Se non riesci a sopportare dieci secondi su una gamba, le tue possibilità di morire entro un decennio potrebbero raddoppiare

Se hai più di 50 anni, prenditi del tempo per fare questo semplice test: cerca di rimanere in equilibrio su una gamba per una decina di secondi appoggiando il piede libero sulla parte posteriore della gamba opposta, senza appoggiarti ad alcun appoggio. Puoi farlo? Buon per te. In caso contrario, potrebbe essere un segno di mortalità precoce, riferisce il Guardian.

Questa notizia che certamente provoca ansia si basa sui risultati di un team di ricerca internazionale guidato dal Dr. Claudio Gil Araujo di Clinimex, clinica di medicina dell’esercizio a Rio de Janeiro.
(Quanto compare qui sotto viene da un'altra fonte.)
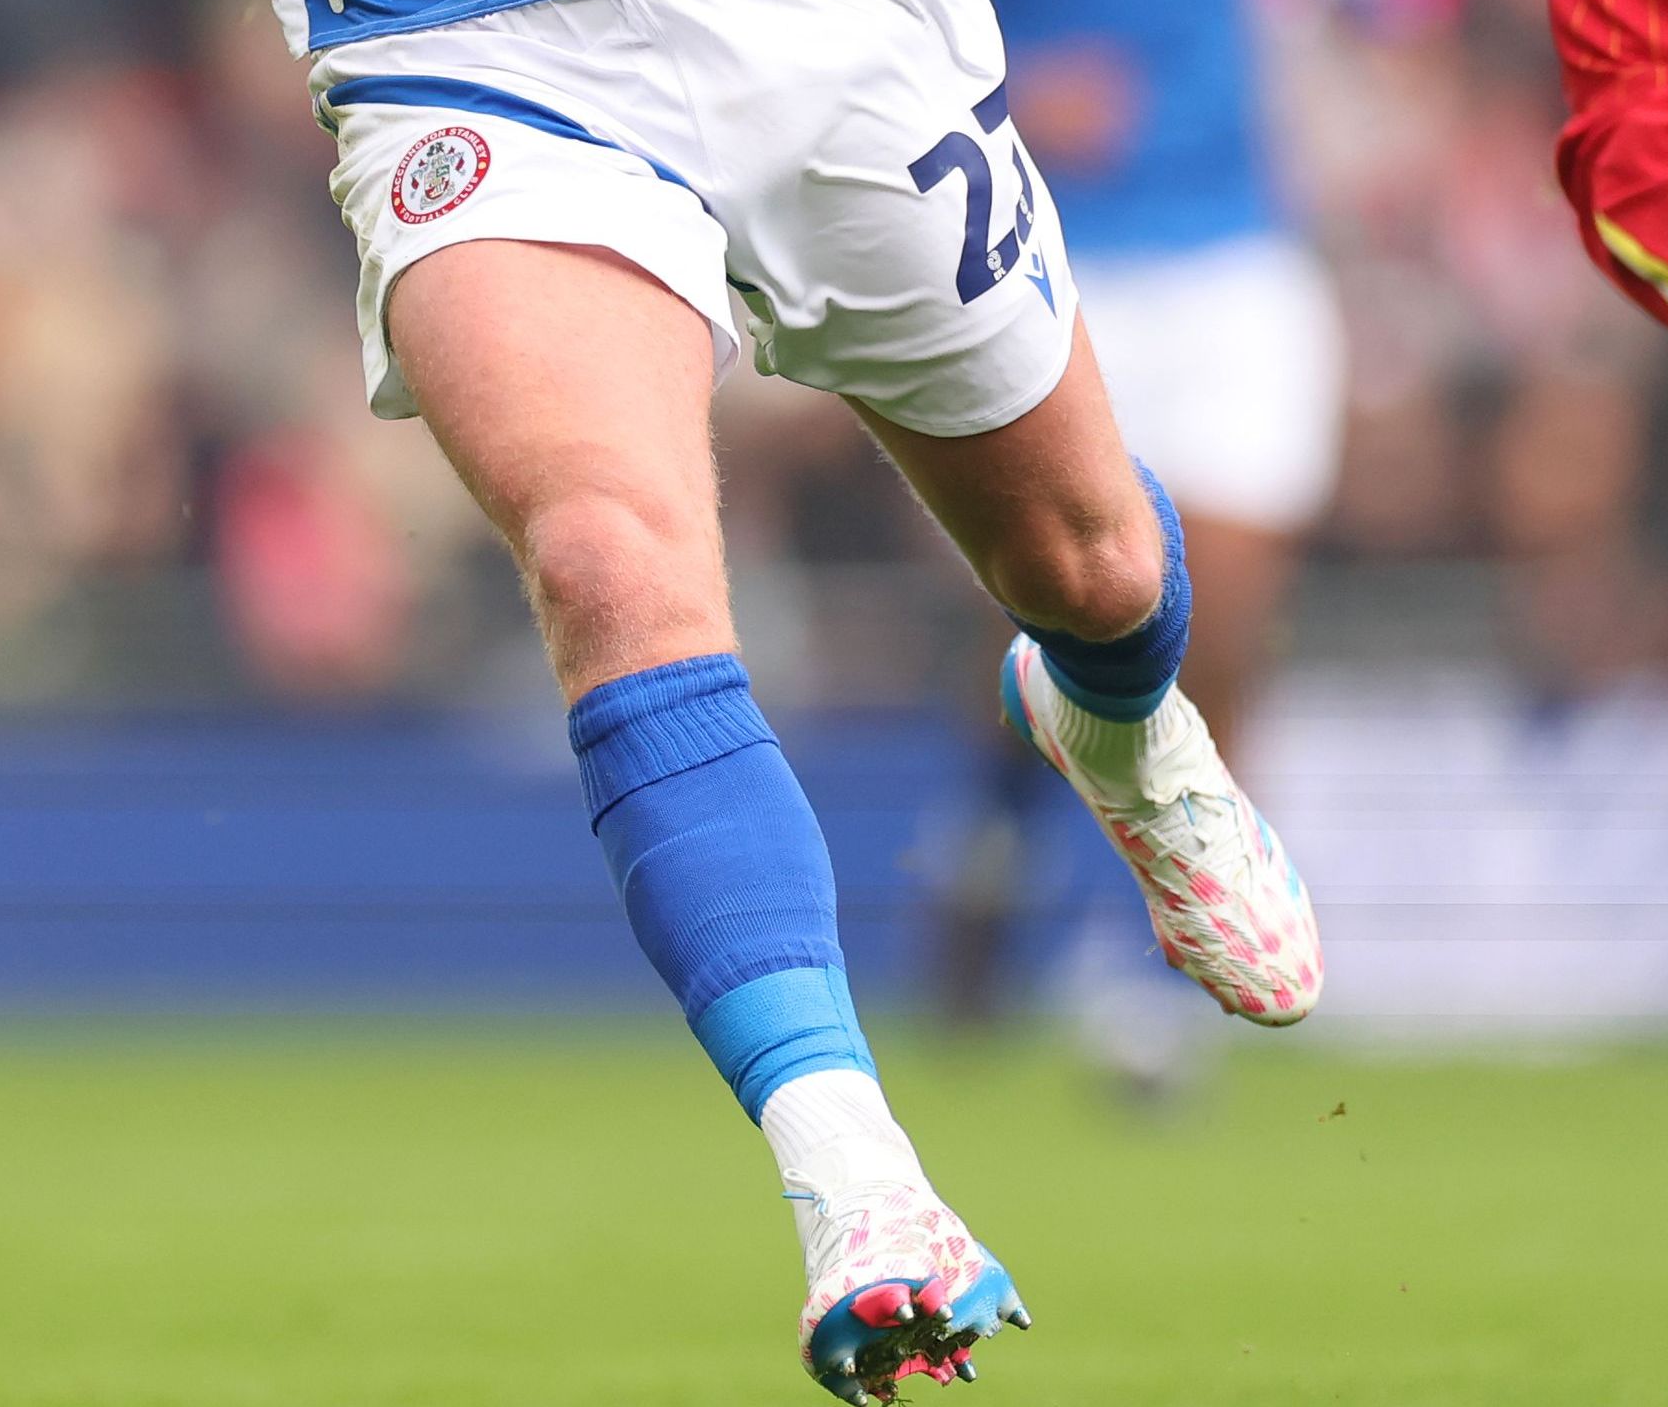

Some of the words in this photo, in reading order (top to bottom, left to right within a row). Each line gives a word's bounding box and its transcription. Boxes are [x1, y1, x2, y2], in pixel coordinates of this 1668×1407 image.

[393, 129, 446, 192] ACCRINGTON
[449, 128, 487, 158] STANLEY
[400, 208, 449, 223] FOOTBALL
[453, 176, 479, 205] CLUB
In un periodo che va dal 2008 al 2020, i ricercatori hanno chiesto a 1.702 persone di età compresa tra 51 e 75 anni di eseguire questo test (tre prove sono state concesse loro). Secondo le conclusioni del loro studio pubblicato il 21 giugno 2022 sul British Journal of Sports Medicine, un adulto su cinque non è riuscito a mantenere l’equilibrio.

Dei partecipanti che non hanno superato il test, 123 sono morti per varie cause nel decennio successivo. I ricercatori hanno concluso che non riuscire a stare in piedi su una gamba per dieci secondi “era associato a un aumento dell’84% del rischio di morte”spiega il quotidiano britannico.

Un esame utile durante le visite di routine

Sebbene questo studio abbia i suoi limiti, in particolare perché non cerca di stabilire la causa di questi fallimenti e perché i partecipanti provenivano da un’unica etnia (brasiliani caucasici), non è la prima volta che lo squilibrio sembra essere collegato a problemi di salute. Precedenti ricerche hanno dimostrato che l’incapacità di equilibrio potrebbe essere associata a maggiori rischi di ictus o demenza, ricorda il Guardian.

Tuttavia, i test di equilibrio vengono eseguiti raramente durante gli esami degli anziani. I ricercatori ritengono quindi che tale test debba essere sistematicamente incluso nelle visite di routine dal medico. Questo esame potrebbe quindi offrire “informazioni utili sul rischio di mortalità negli uomini e nelle donne di mezza età e anziani”.